[Work to be completed] Reproduce nothing but the lines from the one with "this 1500×1000 image." down to the last line of the data below.

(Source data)
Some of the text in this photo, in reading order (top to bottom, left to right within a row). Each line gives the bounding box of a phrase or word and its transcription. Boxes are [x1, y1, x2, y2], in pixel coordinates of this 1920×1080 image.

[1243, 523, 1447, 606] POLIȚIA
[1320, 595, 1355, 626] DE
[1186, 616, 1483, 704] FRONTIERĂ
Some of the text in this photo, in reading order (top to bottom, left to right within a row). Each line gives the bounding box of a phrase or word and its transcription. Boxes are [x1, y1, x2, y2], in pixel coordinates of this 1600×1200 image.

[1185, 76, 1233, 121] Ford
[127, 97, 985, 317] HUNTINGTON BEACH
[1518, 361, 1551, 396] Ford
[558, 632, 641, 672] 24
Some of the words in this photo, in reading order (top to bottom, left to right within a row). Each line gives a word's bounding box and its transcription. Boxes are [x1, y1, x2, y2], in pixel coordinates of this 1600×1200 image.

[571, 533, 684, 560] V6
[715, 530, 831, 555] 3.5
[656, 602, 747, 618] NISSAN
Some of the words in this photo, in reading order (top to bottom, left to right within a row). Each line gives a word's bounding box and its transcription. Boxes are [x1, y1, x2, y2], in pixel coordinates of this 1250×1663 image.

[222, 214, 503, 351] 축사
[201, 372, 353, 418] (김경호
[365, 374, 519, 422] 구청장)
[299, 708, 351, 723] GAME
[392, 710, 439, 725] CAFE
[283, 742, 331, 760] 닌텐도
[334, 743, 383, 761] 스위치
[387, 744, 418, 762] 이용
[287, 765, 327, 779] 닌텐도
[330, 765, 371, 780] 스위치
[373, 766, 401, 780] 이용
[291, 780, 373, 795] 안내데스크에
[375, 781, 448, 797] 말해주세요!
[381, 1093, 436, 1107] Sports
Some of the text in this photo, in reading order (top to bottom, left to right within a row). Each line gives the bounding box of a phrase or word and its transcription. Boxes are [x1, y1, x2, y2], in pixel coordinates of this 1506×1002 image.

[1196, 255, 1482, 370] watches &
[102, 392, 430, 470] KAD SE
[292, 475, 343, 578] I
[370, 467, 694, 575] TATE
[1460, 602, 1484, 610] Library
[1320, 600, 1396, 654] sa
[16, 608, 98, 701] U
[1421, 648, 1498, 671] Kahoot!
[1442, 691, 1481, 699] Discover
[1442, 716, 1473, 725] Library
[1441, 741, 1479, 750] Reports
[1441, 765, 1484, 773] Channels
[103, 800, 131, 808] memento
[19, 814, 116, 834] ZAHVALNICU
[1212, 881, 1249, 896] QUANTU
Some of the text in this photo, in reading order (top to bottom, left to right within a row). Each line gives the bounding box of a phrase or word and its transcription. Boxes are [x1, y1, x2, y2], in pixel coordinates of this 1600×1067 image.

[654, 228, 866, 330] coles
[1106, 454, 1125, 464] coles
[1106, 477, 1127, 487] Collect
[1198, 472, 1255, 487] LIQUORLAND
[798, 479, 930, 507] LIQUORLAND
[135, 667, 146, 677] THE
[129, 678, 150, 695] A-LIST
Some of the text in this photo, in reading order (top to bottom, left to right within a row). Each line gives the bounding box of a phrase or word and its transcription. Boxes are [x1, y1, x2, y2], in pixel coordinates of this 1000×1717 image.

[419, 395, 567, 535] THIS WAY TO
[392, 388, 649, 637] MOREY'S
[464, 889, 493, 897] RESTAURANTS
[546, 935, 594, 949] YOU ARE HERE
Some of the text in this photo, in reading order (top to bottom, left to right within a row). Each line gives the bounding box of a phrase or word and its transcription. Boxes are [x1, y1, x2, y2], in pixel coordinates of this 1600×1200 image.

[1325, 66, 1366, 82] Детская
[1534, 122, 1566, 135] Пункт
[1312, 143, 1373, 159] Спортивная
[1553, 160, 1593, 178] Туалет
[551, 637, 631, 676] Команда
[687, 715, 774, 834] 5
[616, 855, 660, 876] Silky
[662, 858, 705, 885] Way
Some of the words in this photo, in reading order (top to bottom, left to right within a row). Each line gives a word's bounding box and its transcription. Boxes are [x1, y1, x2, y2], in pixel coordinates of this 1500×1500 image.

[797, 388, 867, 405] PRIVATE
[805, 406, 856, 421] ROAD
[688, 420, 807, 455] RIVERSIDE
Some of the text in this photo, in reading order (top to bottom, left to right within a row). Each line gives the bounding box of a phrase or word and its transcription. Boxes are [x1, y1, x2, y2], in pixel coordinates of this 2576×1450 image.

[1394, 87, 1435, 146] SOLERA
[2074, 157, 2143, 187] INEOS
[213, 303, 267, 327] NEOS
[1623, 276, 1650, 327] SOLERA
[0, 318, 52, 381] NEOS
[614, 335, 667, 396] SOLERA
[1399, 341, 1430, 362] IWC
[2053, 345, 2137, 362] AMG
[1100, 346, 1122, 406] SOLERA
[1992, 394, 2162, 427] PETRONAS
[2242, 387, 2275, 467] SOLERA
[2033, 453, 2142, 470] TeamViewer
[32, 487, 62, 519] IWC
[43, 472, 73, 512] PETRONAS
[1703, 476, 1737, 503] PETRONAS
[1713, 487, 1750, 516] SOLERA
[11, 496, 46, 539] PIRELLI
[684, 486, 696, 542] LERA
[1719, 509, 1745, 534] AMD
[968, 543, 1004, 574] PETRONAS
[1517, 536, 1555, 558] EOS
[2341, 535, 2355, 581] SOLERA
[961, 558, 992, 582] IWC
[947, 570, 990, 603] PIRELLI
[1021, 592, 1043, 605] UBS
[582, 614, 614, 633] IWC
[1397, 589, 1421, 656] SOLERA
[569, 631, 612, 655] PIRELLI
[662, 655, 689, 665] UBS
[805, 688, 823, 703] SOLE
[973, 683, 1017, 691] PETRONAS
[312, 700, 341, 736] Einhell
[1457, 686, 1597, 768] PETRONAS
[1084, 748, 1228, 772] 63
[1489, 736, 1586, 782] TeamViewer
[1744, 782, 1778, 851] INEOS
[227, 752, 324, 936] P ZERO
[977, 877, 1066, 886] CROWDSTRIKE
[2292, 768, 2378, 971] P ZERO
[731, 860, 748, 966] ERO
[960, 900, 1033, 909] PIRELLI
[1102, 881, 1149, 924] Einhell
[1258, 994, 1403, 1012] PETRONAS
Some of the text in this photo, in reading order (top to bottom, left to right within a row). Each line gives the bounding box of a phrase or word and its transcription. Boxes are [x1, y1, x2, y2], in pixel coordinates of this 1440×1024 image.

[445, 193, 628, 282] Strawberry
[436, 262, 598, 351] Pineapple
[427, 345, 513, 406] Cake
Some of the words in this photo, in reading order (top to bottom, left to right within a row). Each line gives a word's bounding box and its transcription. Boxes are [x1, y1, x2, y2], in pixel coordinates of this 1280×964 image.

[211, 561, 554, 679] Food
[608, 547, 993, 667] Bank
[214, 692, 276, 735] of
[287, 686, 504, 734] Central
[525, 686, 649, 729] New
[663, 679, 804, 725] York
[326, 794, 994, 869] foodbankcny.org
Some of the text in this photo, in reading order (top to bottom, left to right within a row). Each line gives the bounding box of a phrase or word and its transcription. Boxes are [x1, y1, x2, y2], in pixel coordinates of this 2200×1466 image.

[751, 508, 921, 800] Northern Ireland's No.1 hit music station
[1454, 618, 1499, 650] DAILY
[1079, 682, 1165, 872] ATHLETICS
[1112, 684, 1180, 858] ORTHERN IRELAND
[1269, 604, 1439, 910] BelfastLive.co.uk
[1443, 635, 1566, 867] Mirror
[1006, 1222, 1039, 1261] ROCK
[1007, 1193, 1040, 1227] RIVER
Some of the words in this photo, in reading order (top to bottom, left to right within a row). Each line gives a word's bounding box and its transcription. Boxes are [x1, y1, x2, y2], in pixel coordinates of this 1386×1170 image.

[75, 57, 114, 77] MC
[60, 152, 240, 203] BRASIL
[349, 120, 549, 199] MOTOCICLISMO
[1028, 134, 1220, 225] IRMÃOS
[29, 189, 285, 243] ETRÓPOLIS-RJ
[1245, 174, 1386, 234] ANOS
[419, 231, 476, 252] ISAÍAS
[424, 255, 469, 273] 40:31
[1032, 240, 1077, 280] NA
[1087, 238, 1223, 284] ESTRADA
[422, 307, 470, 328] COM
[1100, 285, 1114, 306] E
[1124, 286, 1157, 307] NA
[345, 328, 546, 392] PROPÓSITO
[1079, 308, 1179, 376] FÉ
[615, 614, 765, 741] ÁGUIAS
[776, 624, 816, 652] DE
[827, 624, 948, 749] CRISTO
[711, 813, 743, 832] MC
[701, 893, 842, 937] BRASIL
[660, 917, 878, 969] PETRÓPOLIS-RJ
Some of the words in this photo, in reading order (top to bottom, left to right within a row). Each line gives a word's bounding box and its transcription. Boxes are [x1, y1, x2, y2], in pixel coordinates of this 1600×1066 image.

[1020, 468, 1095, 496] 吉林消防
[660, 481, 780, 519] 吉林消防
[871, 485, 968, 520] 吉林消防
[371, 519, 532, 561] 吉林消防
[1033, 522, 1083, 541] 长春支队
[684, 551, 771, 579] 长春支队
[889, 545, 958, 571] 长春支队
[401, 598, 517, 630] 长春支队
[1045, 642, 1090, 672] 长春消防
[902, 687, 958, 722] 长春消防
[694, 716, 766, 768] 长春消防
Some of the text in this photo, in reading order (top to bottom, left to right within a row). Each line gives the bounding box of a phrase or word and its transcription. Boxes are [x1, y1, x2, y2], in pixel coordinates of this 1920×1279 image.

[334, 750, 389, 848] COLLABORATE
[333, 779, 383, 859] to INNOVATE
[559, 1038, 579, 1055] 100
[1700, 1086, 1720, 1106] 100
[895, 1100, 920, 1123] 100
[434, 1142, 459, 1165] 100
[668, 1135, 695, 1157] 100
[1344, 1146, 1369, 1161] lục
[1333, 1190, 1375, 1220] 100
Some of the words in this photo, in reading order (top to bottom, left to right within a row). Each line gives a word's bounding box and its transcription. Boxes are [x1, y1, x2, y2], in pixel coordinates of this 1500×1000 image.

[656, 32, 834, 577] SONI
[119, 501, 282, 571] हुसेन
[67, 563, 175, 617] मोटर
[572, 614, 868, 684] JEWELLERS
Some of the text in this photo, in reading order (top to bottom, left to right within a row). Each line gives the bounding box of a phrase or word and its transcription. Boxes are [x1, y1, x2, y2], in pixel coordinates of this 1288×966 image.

[Task solution]
Some of the words in this photo, in reading order (top to bottom, left to right within a row). Each line gives a word's bounding box and its transcription. Boxes are [x1, y1, x2, y2], in pixel coordinates of this 1500×1000 image.

[656, 32, 834, 577] SONI
[119, 501, 282, 571] हुसेन
[67, 563, 175, 617] मोटर
[572, 614, 868, 684] JEWELLERS
Some of the text in this photo, in reading order (top to bottom, left to right within a row). Each line gives the bounding box of a phrase or word and its transcription. Boxes are [x1, y1, x2, y2], in pixel coordinates of this 1288×966 image.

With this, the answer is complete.